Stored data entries

___

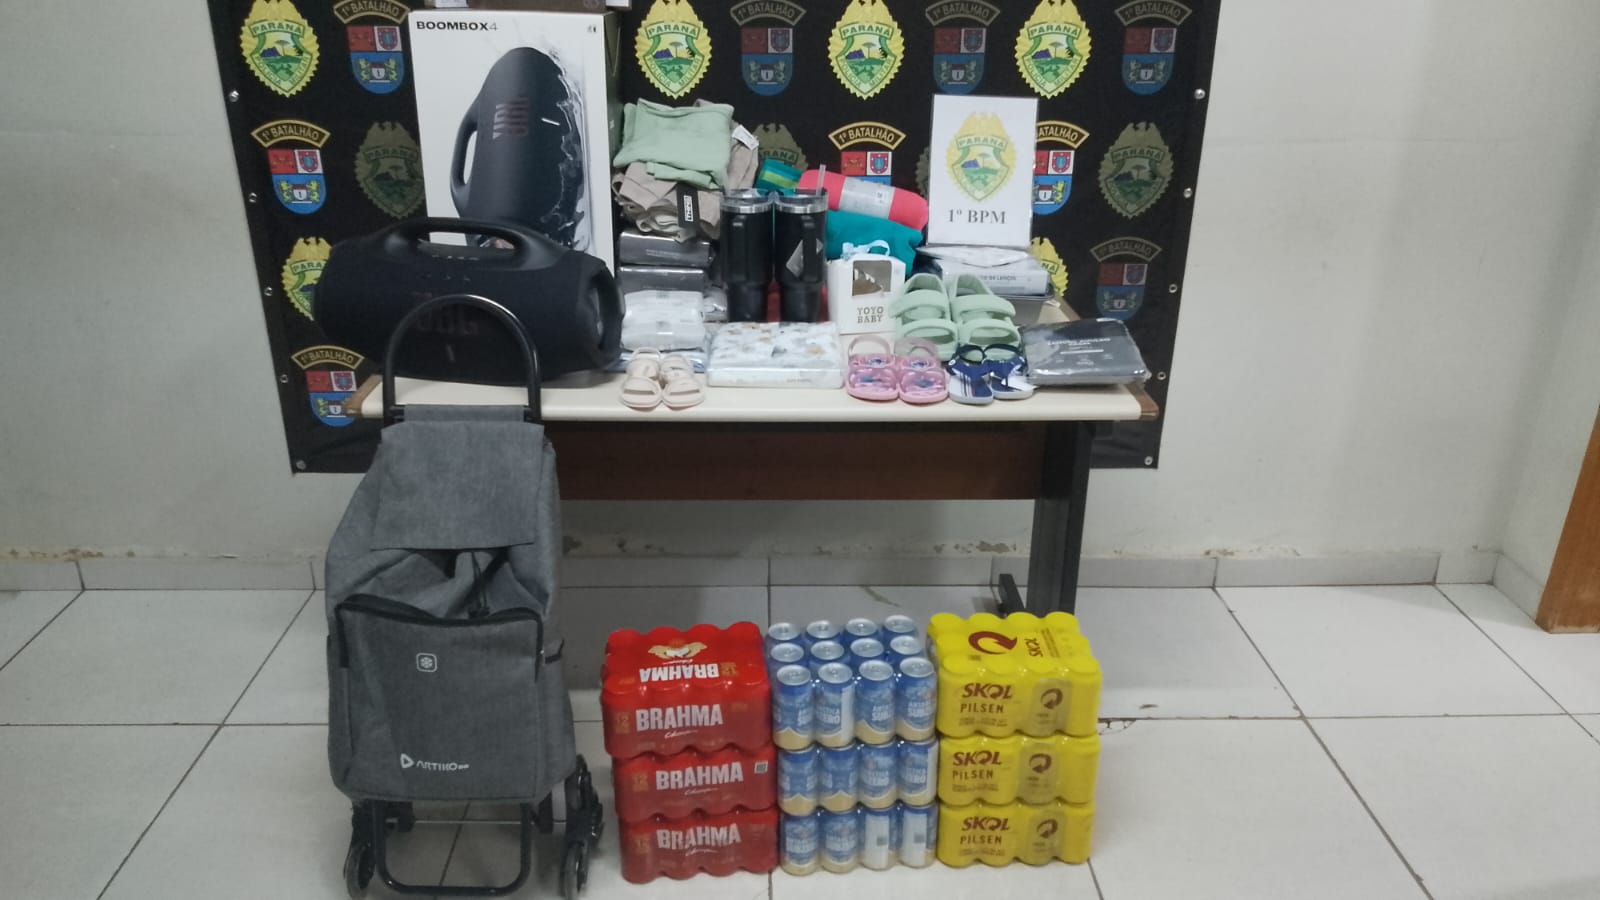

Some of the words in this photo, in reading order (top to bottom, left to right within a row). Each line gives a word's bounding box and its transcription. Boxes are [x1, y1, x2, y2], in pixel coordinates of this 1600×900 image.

[1039, 126, 1079, 142] ATALHÃO
[967, 209, 1007, 224] BPM
[857, 306, 884, 315] YOYO
[857, 315, 884, 324] BABY
[639, 663, 720, 683] BRAHMA
[961, 682, 1014, 700] SKOL
[960, 702, 1004, 714] PILSEN
[635, 703, 724, 732] BRAHMA
[952, 750, 1003, 767] SKOL
[655, 761, 744, 791] BRAHMA
[952, 769, 994, 780] PILSEN
[960, 816, 1010, 832] SKOL
[655, 823, 742, 851] BRAHMA
[960, 835, 1003, 845] PILSEN
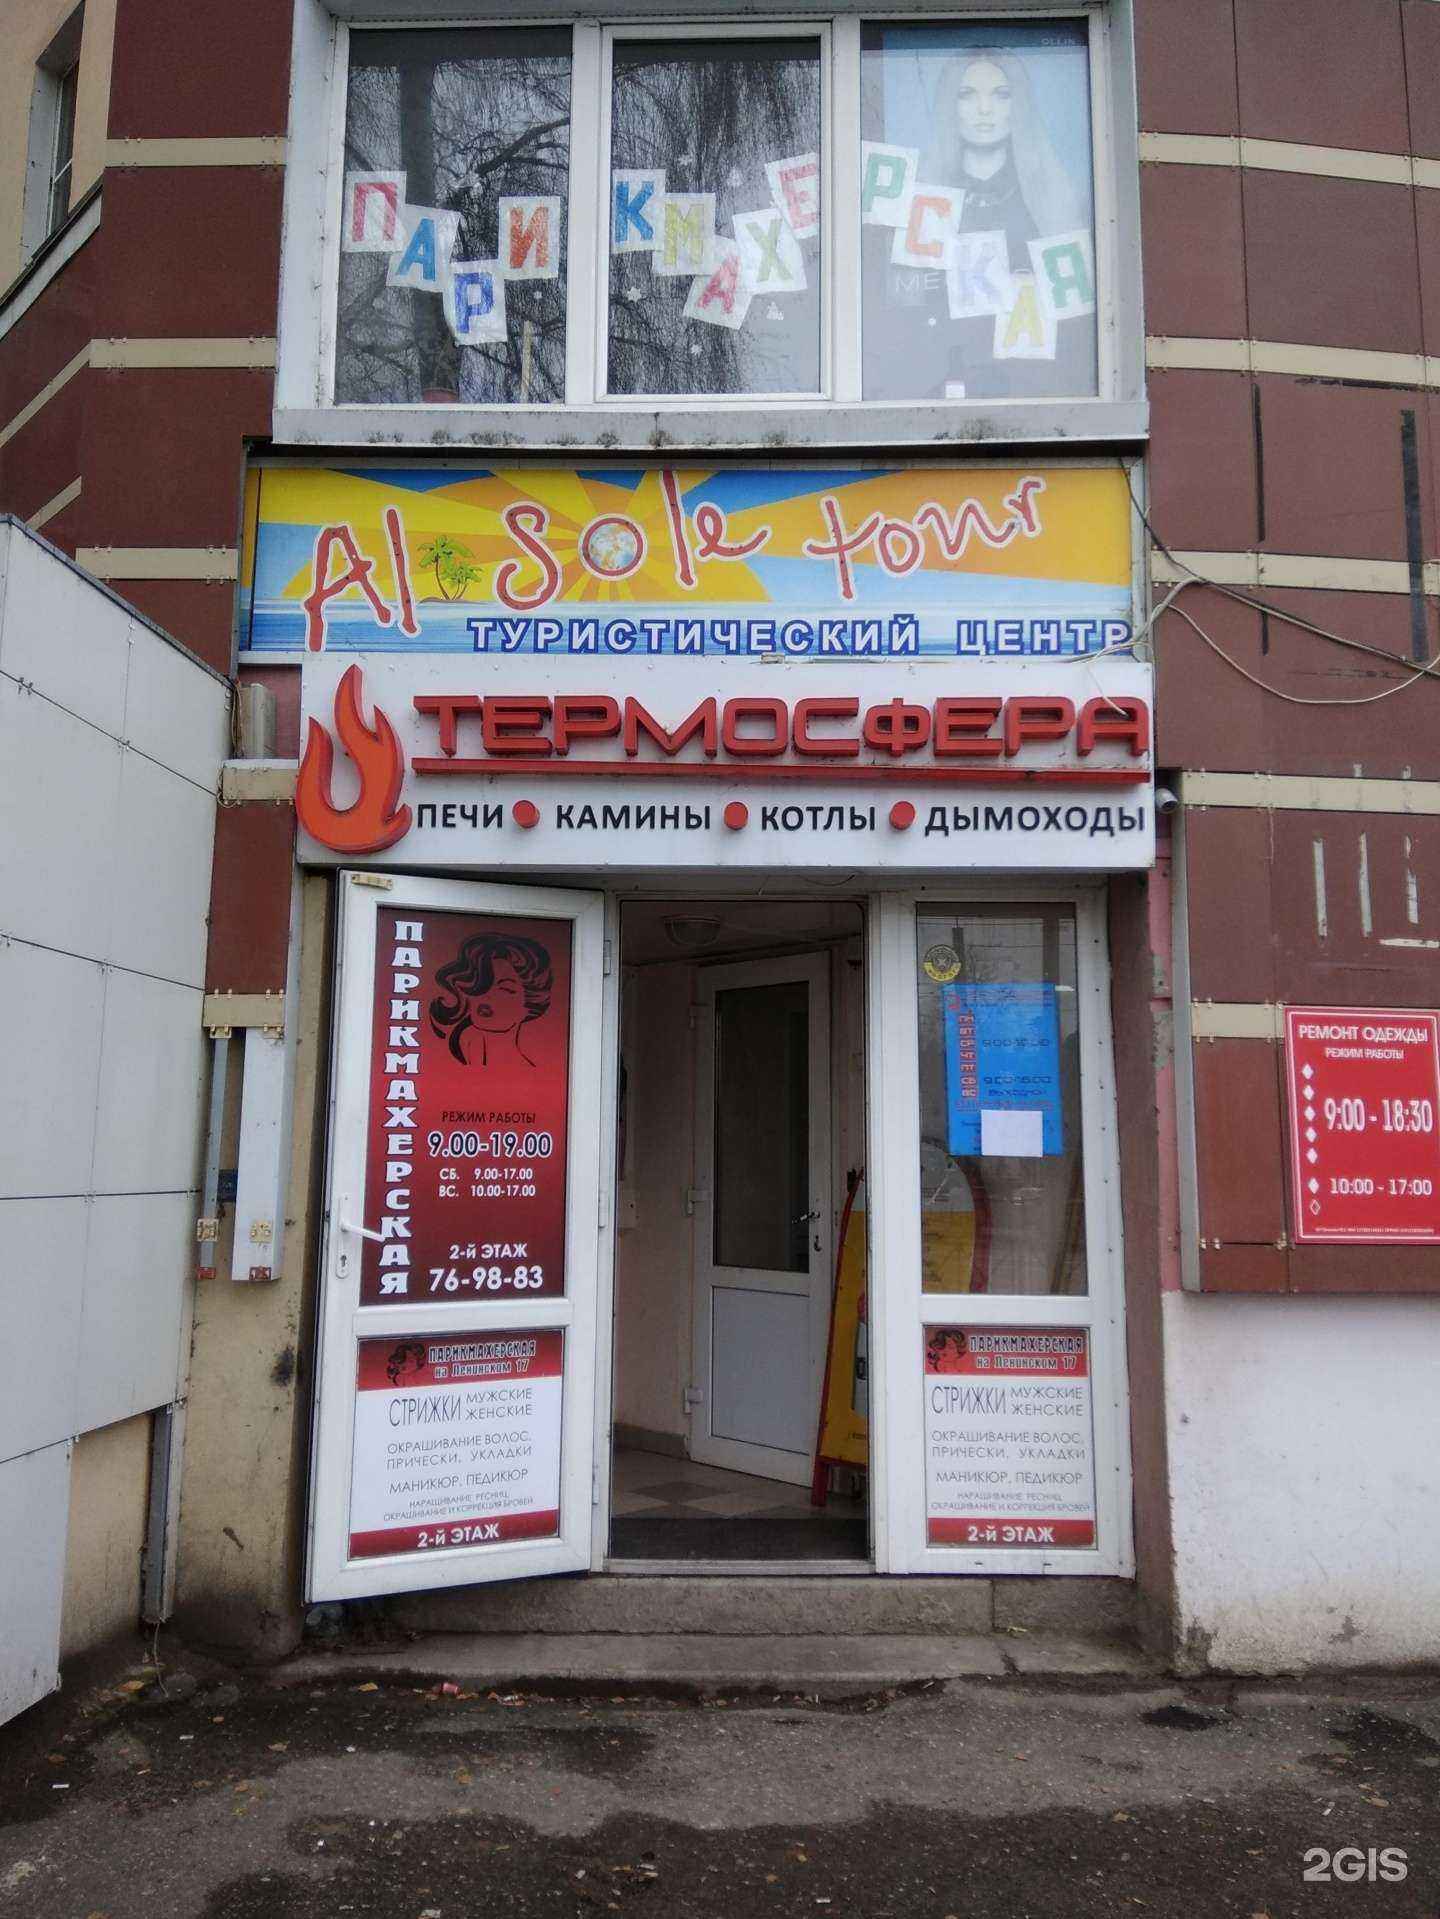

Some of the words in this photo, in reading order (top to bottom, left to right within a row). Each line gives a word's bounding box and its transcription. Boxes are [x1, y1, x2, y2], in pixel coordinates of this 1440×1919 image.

[353, 150, 1095, 350] ПАРИКМАХЕРСКАЯ
[467, 612, 920, 656] ТУРИСТИЧЕСКИЙ
[956, 618, 1134, 656] ЦЕНТР
[412, 694, 1150, 758] ТЕРМОСФЕРА
[416, 802, 504, 830] ПЕЧИ
[555, 804, 712, 832] КАМИНЫ
[760, 805, 876, 832] КОТЛЫ
[924, 805, 1145, 837] ДЫМОХОДЫ
[1299, 1025, 1358, 1041] РЕМОНТ
[1362, 1027, 1428, 1043] ОДЕЖДЫ
[1325, 1047, 1363, 1058] РЕЖИМ
[1365, 1048, 1404, 1059] РАБОТЫ
[378, 919, 426, 1296] ПАРИКМАХЕРСКАЯ
[1324, 1098, 1366, 1131] 9:00
[1382, 1099, 1433, 1132] 18:30
[441, 1111, 486, 1123] РЕЖИМ
[489, 1112, 537, 1124] РАБОТЫ
[427, 1130, 553, 1158] 9.00-19.00
[439, 1168, 460, 1180] СБ.
[474, 1168, 533, 1180] 9.00-17.00
[438, 1185, 459, 1197] ВС.
[470, 1185, 536, 1198] 10.00-17.00
[1330, 1178, 1374, 1194] 10:00
[1389, 1178, 1432, 1195] 17:00
[481, 1243, 528, 1259] ЭТАЖ
[428, 1266, 544, 1292] 76-98-83
[428, 1340, 536, 1363] ПАРИКМАХЕРСКАЯ
[970, 1335, 1083, 1353] ПАРИКМАХЕРСКАЯ
[516, 1358, 529, 1372] 17
[389, 1396, 461, 1427] СТРИЖКИ
[466, 1388, 533, 1404] МУЖСКИЕ
[931, 1386, 1006, 1414] СТРИЖКИ
[1010, 1387, 1083, 1400] МУЖСКИЕ
[466, 1404, 533, 1420] ЖЕНСКИЕ
[1011, 1404, 1084, 1417] ЖЕНСКИЕ
[387, 1435, 482, 1455] ОКРАШИВАНИЕ
[931, 1431, 1030, 1443] ОКРАШИВАНИЕ
[471, 1446, 532, 1463] УКЛАДКИ
[1019, 1448, 1086, 1460] УКЛАДКИ
[466, 1468, 529, 1486] ПЕДИКЮР
[1015, 1472, 1083, 1485] ПЕДИКЮР
[450, 1523, 500, 1544] ЭТАЖ
[1002, 1528, 1055, 1542] ЭТАЖ
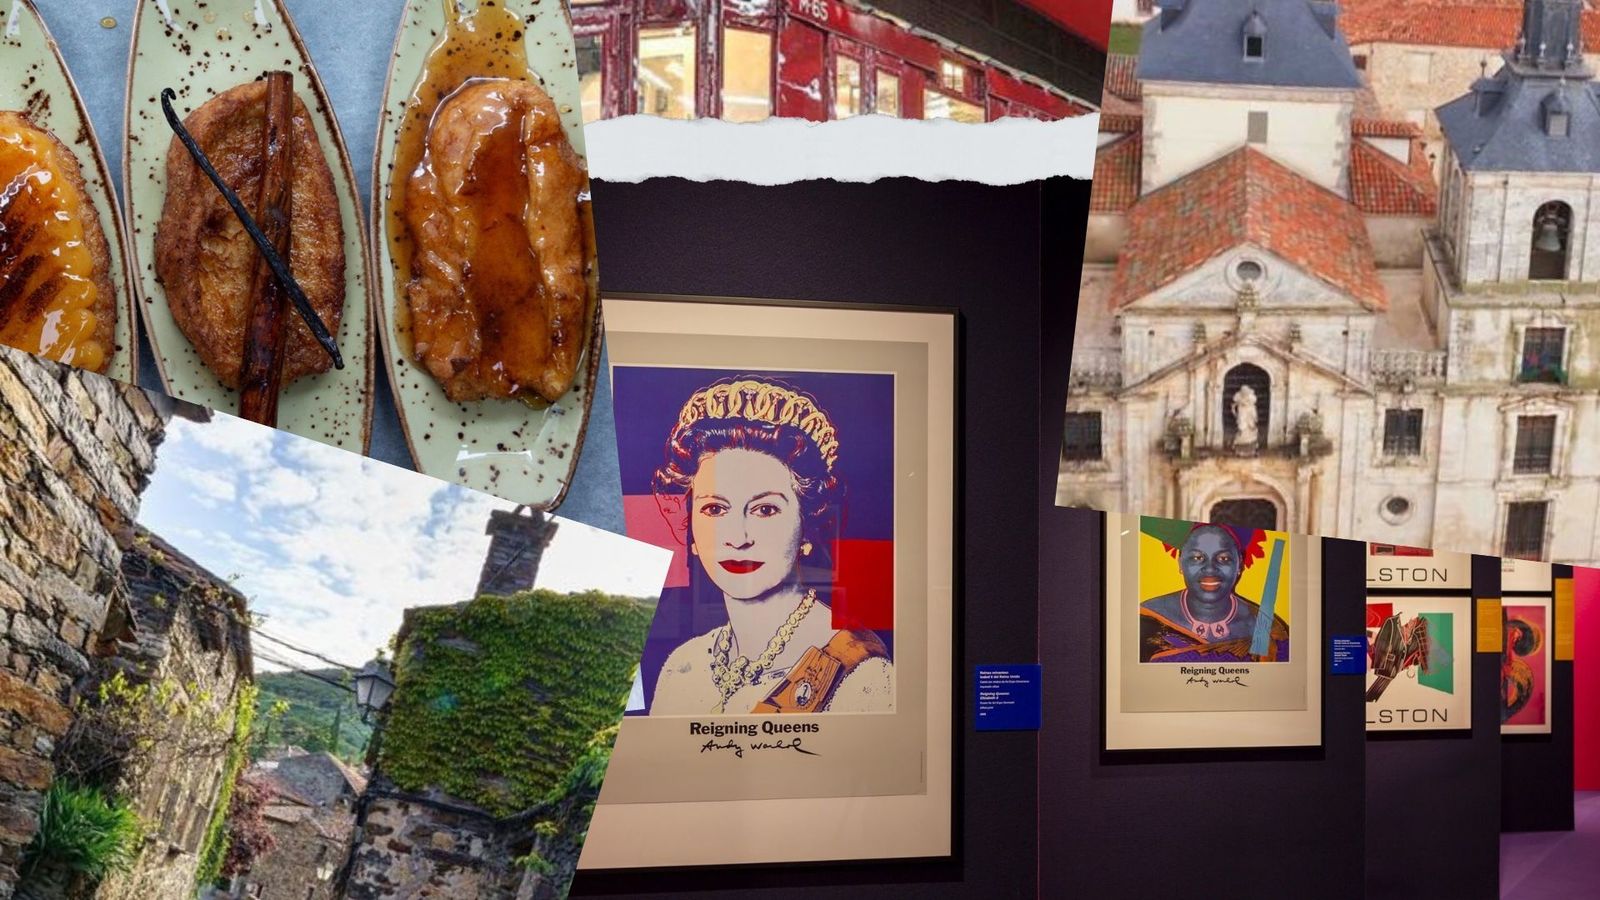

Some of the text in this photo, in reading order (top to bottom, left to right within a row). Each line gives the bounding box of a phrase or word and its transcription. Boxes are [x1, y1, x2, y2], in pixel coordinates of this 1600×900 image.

___

:: Task ::
Repeat every record above exactly, except the pictures.

:: Solution to this exercise ::
Some of the words in this photo, in reading order (top to bottom, left to right within a row). Each line gives a word's bounding box and its transcription. Boxes are [x1, y1, x2, y2], in pixel coordinates of this 1600×900 image.

[1039, 126, 1079, 142] ATALHÃO
[967, 209, 1007, 224] BPM
[857, 306, 884, 315] YOYO
[857, 315, 884, 324] BABY
[639, 663, 720, 683] BRAHMA
[961, 682, 1014, 700] SKOL
[960, 702, 1004, 714] PILSEN
[635, 703, 724, 732] BRAHMA
[952, 750, 1003, 767] SKOL
[655, 761, 744, 791] BRAHMA
[952, 769, 994, 780] PILSEN
[960, 816, 1010, 832] SKOL
[655, 823, 742, 851] BRAHMA
[960, 835, 1003, 845] PILSEN

Some of the words in this photo, in reading order (top to bottom, left to right within a row). Each line gives a word's bounding box and its transcription. Boxes are [x1, y1, x2, y2], in pixel coordinates of this 1440×1919 image.

[353, 150, 1095, 350] ПАРИКМАХЕРСКАЯ
[467, 612, 920, 656] ТУРИСТИЧЕСКИЙ
[956, 618, 1134, 656] ЦЕНТР
[412, 694, 1150, 758] ТЕРМОСФЕРА
[416, 802, 504, 830] ПЕЧИ
[555, 804, 712, 832] КАМИНЫ
[760, 805, 876, 832] КОТЛЫ
[924, 805, 1145, 837] ДЫМОХОДЫ
[1299, 1025, 1358, 1041] РЕМОНТ
[1362, 1027, 1428, 1043] ОДЕЖДЫ
[1325, 1047, 1363, 1058] РЕЖИМ
[1365, 1048, 1404, 1059] РАБОТЫ
[378, 919, 426, 1296] ПАРИКМАХЕРСКАЯ
[1324, 1098, 1366, 1131] 9:00
[1382, 1099, 1433, 1132] 18:30
[441, 1111, 486, 1123] РЕЖИМ
[489, 1112, 537, 1124] РАБОТЫ
[427, 1130, 553, 1158] 9.00-19.00
[439, 1168, 460, 1180] СБ.
[474, 1168, 533, 1180] 9.00-17.00
[438, 1185, 459, 1197] ВС.
[470, 1185, 536, 1198] 10.00-17.00
[1330, 1178, 1374, 1194] 10:00
[1389, 1178, 1432, 1195] 17:00
[481, 1243, 528, 1259] ЭТАЖ
[428, 1266, 544, 1292] 76-98-83
[428, 1340, 536, 1363] ПАРИКМАХЕРСКАЯ
[970, 1335, 1083, 1353] ПАРИКМАХЕРСКАЯ
[516, 1358, 529, 1372] 17
[389, 1396, 461, 1427] СТРИЖКИ
[466, 1388, 533, 1404] МУЖСКИЕ
[931, 1386, 1006, 1414] СТРИЖКИ
[1010, 1387, 1083, 1400] МУЖСКИЕ
[466, 1404, 533, 1420] ЖЕНСКИЕ
[1011, 1404, 1084, 1417] ЖЕНСКИЕ
[387, 1435, 482, 1455] ОКРАШИВАНИЕ
[931, 1431, 1030, 1443] ОКРАШИВАНИЕ
[471, 1446, 532, 1463] УКЛАДКИ
[1019, 1448, 1086, 1460] УКЛАДКИ
[466, 1468, 529, 1486] ПЕДИКЮР
[1015, 1472, 1083, 1485] ПЕДИКЮР
[450, 1523, 500, 1544] ЭТАЖ
[1002, 1528, 1055, 1542] ЭТАЖ

Some of the text in this photo, in reading order (top to bottom, left to right within a row). Each line gives the bounding box of a phrase or word and its transcription. Boxes are [x1, y1, x2, y2], in pixel coordinates of this 1600×900 image.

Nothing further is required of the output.